## Data records
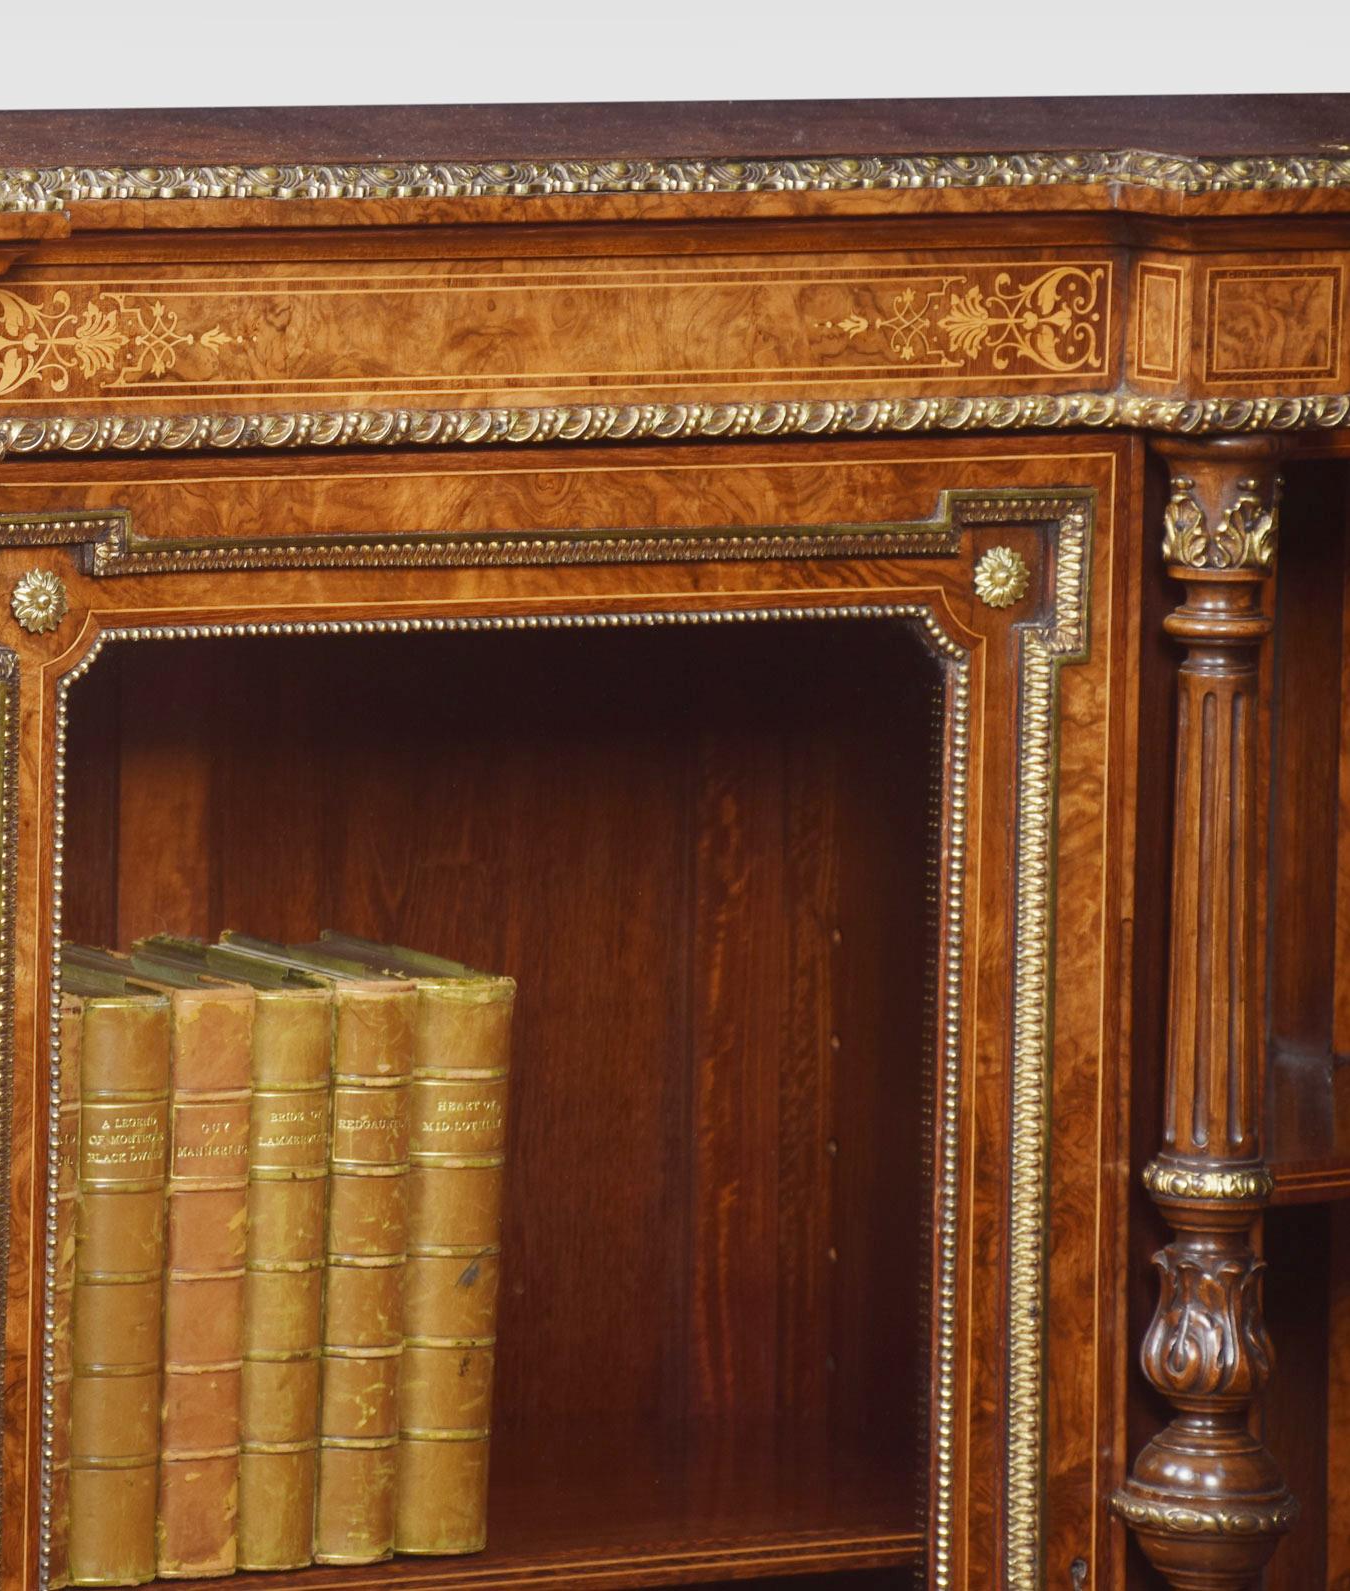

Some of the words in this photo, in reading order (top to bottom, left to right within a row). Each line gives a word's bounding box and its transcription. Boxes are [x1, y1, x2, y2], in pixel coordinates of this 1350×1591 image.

[437, 1101, 481, 1112] HEART
[270, 1111, 305, 1122] BRIDE
[101, 1119, 111, 1130] A
[115, 1117, 158, 1129] LEGEND
[201, 1122, 230, 1134] GUY
[88, 1134, 105, 1146] OF
[177, 1144, 248, 1158] MANNERING
[86, 1152, 127, 1164] BLACK
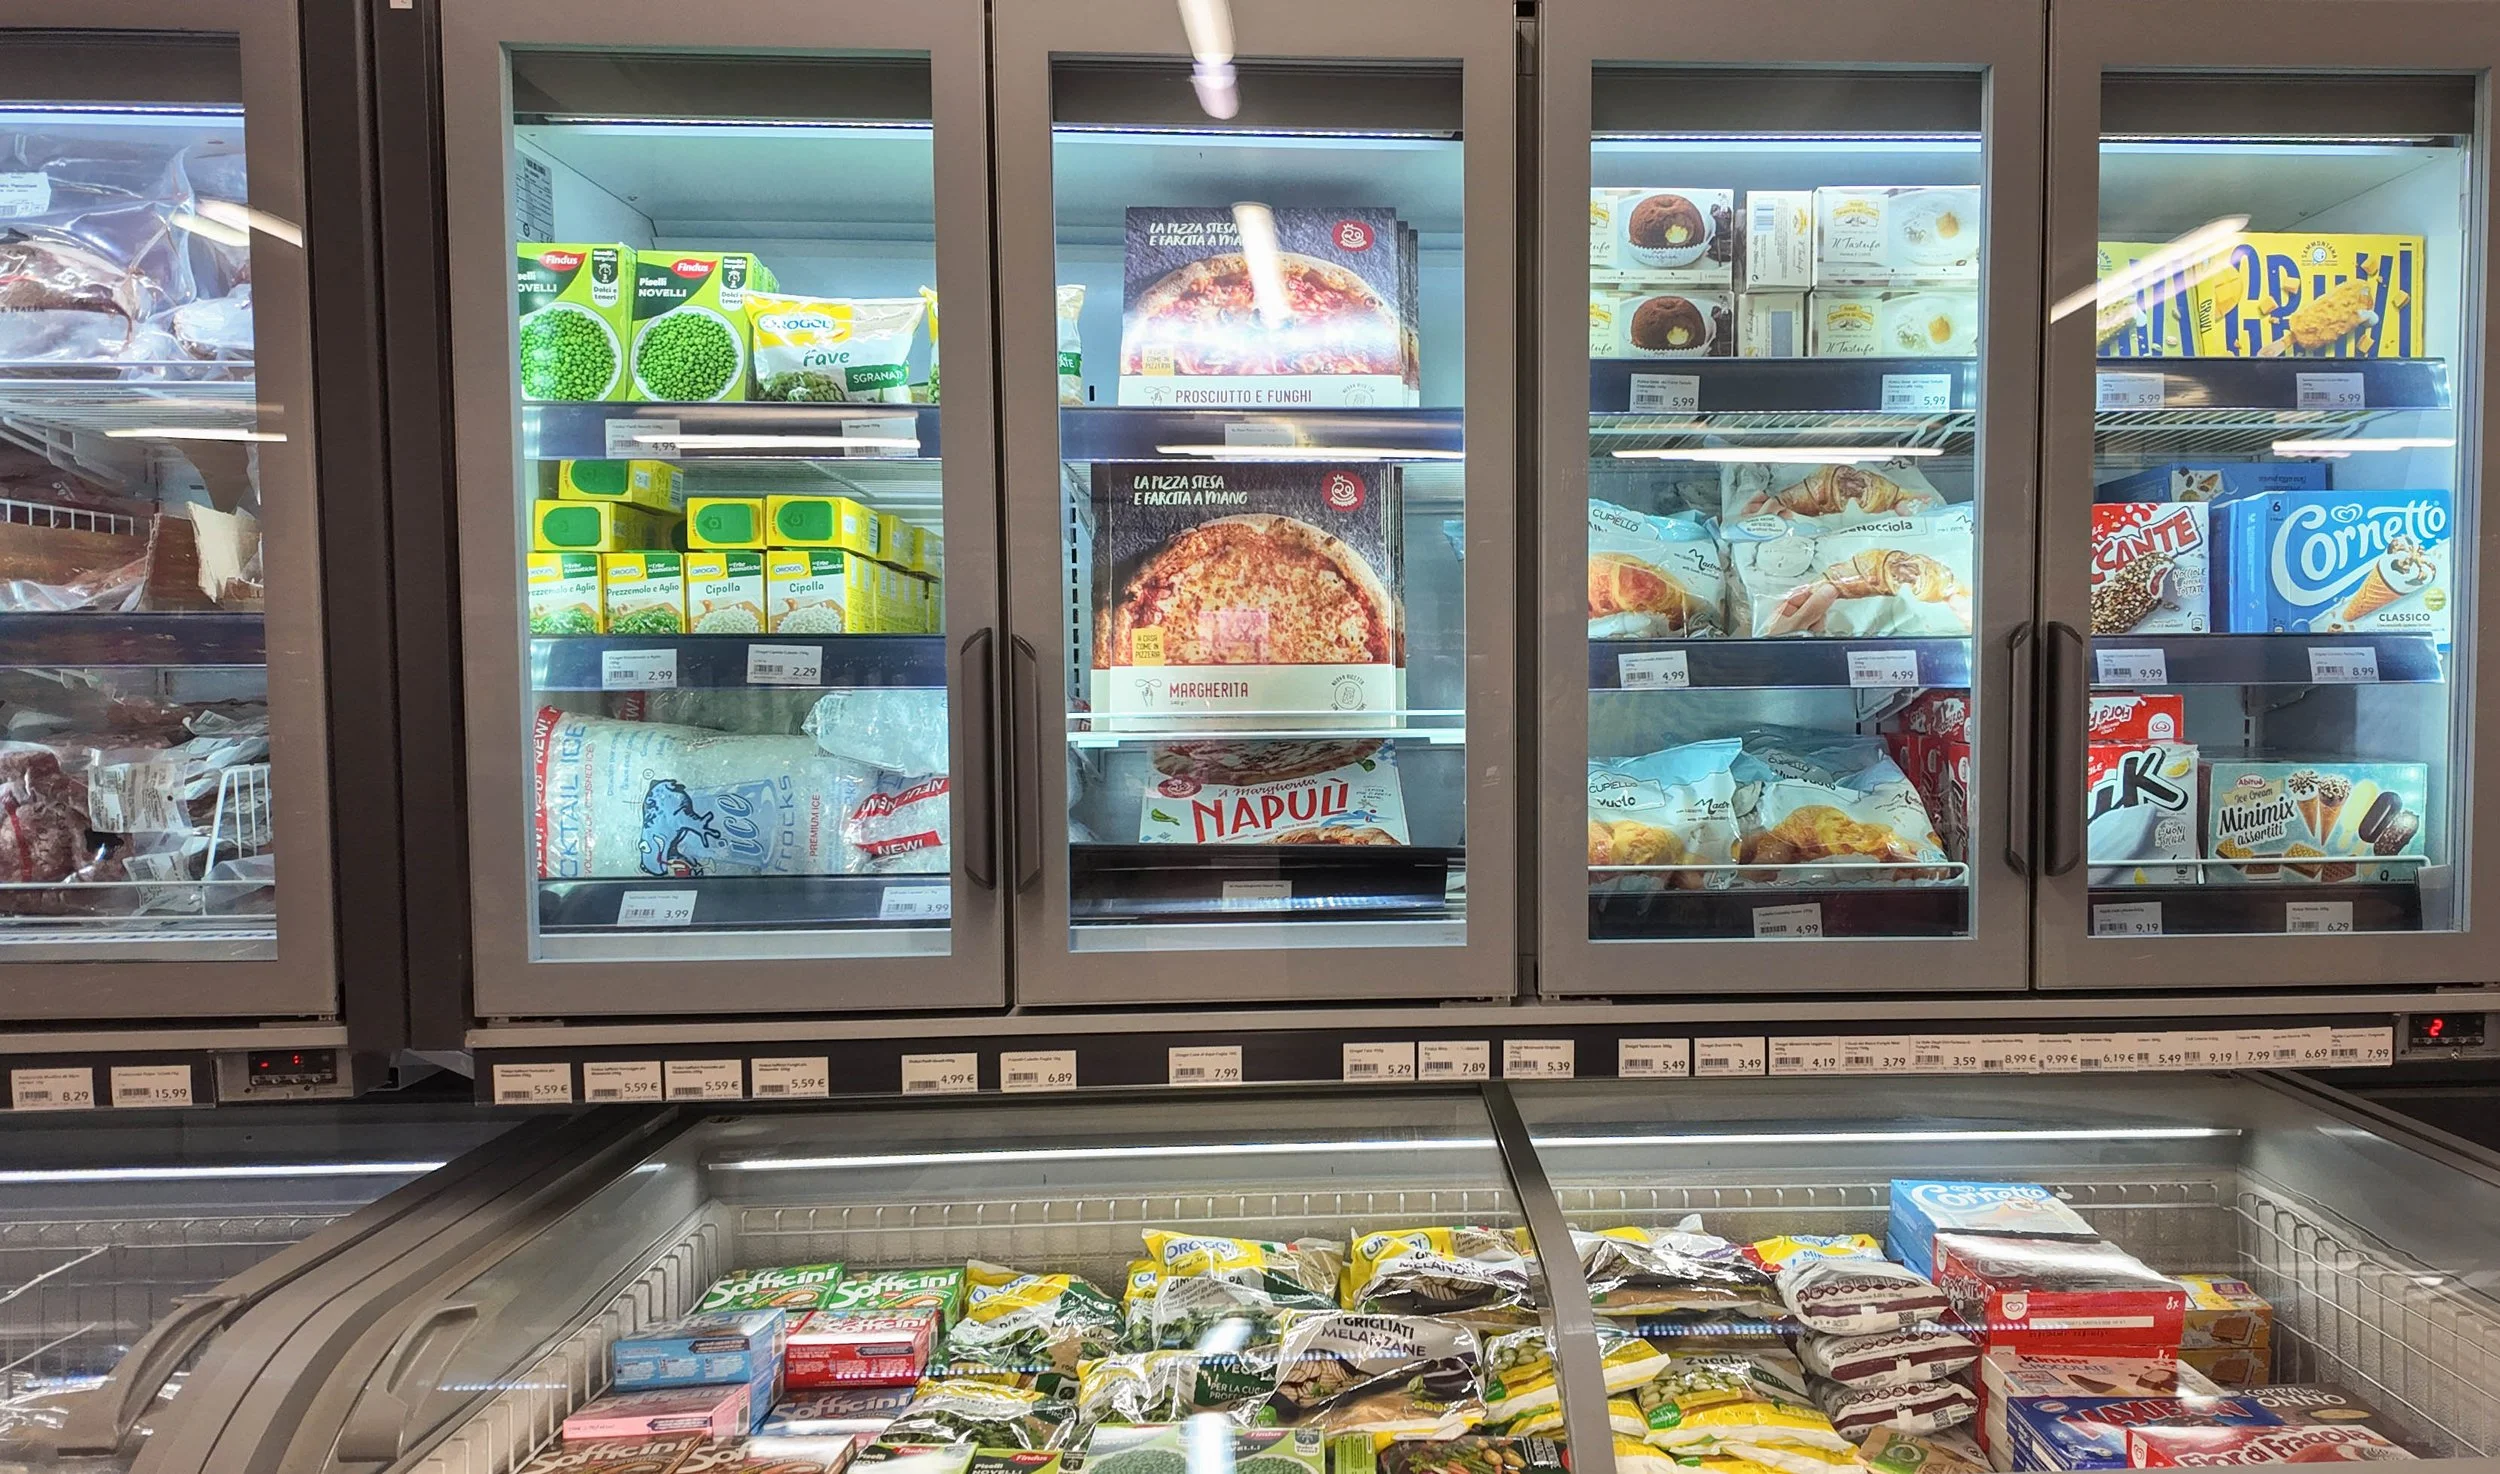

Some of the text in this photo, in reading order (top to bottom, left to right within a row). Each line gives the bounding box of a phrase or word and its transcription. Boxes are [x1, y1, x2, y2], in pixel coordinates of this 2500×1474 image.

[1150, 222, 1238, 236] LA PIZZA STESA
[1150, 236, 1157, 246] E
[1159, 234, 1206, 247] FARCITA
[1842, 237, 1881, 252] Tartufo
[2300, 240, 2338, 259] SAMMONTANA
[545, 254, 578, 265] Findus
[677, 262, 709, 273] Findus
[639, 277, 668, 287] Piselli
[518, 284, 557, 293] OVELLI
[593, 286, 610, 294] Dolci
[638, 288, 687, 298] NOVELLI
[594, 293, 616, 301] teneri
[1837, 341, 1874, 356] Tartufo
[803, 349, 850, 367] Fave
[1176, 389, 1312, 404] PROSCIUTTO E FUNGHI
[1924, 396, 1946, 406] 5,99
[2139, 393, 2161, 404] 5,99
[2339, 393, 2361, 403] 5,99
[1672, 397, 1695, 408] 5,99
[652, 442, 676, 452] 4,99
[1134, 475, 1224, 490] LA PIZZA STESA
[1134, 491, 1248, 506] E FARCITA A MANO
[2272, 502, 2281, 512] 6
[1592, 508, 1639, 532] CUPIELLO
[1857, 520, 1913, 533] Nocciola
[2272, 500, 2446, 606] Cornetto
[575, 583, 596, 595] Aglio
[607, 586, 649, 597] Prezzemolo
[659, 583, 680, 595] Aglio
[705, 583, 741, 596] Cipolla
[789, 581, 824, 594] Cipolla
[2379, 613, 2430, 622] CLASSICO
[1144, 634, 1158, 642] CASA
[1135, 650, 1160, 659] PIZZERIA
[648, 670, 673, 681] 2,99
[1662, 671, 1685, 682] 4,99
[1891, 670, 1914, 681] 4,99
[2140, 669, 2162, 678] 9,99
[2352, 667, 2374, 677] 8,99
[1169, 682, 1249, 699] MARGHERITA
[534, 719, 547, 763] NEW!
[1233, 778, 1319, 798] Margherita
[1588, 781, 1638, 794] CUPIELLO
[2249, 787, 2273, 801] Cream
[560, 724, 586, 877] CKTAIL ICE
[860, 794, 897, 812] NEW!
[1192, 777, 1349, 844] NAPULÌ
[2218, 797, 2294, 834] Minimix
[717, 793, 763, 856] ice
[810, 794, 821, 857] PREMIUM ICE
[2238, 821, 2284, 847] assortiti
[877, 838, 924, 855] NEW!
[664, 908, 688, 919] 3,99
[926, 902, 949, 914] 3,99
[1795, 924, 1818, 935] 4,99
[2136, 923, 2158, 933] 9,19
[2328, 922, 2349, 931] 6,29
[2005, 1053, 2037, 1064] 8,99 €
[2104, 1053, 2135, 1063] 6,19 €
[2159, 1053, 2181, 1064] 5,49
[2209, 1052, 2232, 1063] 9,19
[2248, 1051, 2270, 1061] 7,99
[2305, 1048, 2328, 1058] 6,69
[2367, 1049, 2389, 1058] 7,99
[1738, 1059, 1761, 1069] 3,49
[1812, 1058, 1836, 1068] 4,19
[1883, 1057, 1906, 1067] 3,79
[1953, 1056, 1976, 1066] 3,59
[2046, 1054, 2078, 1064] 9,99 €
[1388, 1064, 1411, 1075] 5,29
[1462, 1062, 1486, 1073] 7,89
[1547, 1061, 1570, 1072] 5,39
[1662, 1060, 1686, 1071] 5,49
[1047, 1073, 1072, 1083] 6,89
[1214, 1068, 1238, 1079] 7,99
[791, 1079, 825, 1089] 5,59 €
[941, 1074, 975, 1085] 4,99 €
[534, 1085, 568, 1095] 5,59 €
[624, 1082, 658, 1093] 5,59 €
[705, 1081, 739, 1091] 5,59 €
[63, 1091, 89, 1101] 8,29
[155, 1088, 187, 1099] 15,99
[1911, 1184, 2048, 1208] Cornetto
[702, 1266, 839, 1310] Sofficini
[829, 1271, 958, 1310] Sofficini
[825, 1315, 928, 1334] Sofficini
[1347, 1317, 1414, 1339] GRIGLIATI
[1321, 1327, 1427, 1358] MELANZANE
[2021, 1355, 2089, 1366] Kinder
[2018, 1362, 2112, 1374] CHOCOLATE
[1210, 1383, 1241, 1393] PER LA
[2245, 1387, 2298, 1399] COPPA
[2257, 1393, 2347, 1409] ONNO
[772, 1394, 918, 1420] Sofficini
[2060, 1397, 2254, 1440] MAXIBON
[2265, 1424, 2376, 1458] Fragola
[530, 1437, 691, 1474] Sofficini
[858, 1453, 886, 1461] Piselli
[1016, 1454, 1049, 1463] Findus
[974, 1463, 1004, 1471] Piselli

## What the exercise asks
Where a line of the data holds "order", show that line.

## Written response
Some of the words in this photo, in reading order (top to bottom, left to right within a row). Each line gives a word's bounding box and its transcription. Boxes are [x1, y1, x2, y2], in pixel coordinates of this 1350×1591 image.
Some of the text in this photo, in reading order (top to bottom, left to right within a row). Each line gives the bounding box of a phrase or word and its transcription. Boxes are [x1, y1, x2, y2], in pixel coordinates of this 2500×1474 image.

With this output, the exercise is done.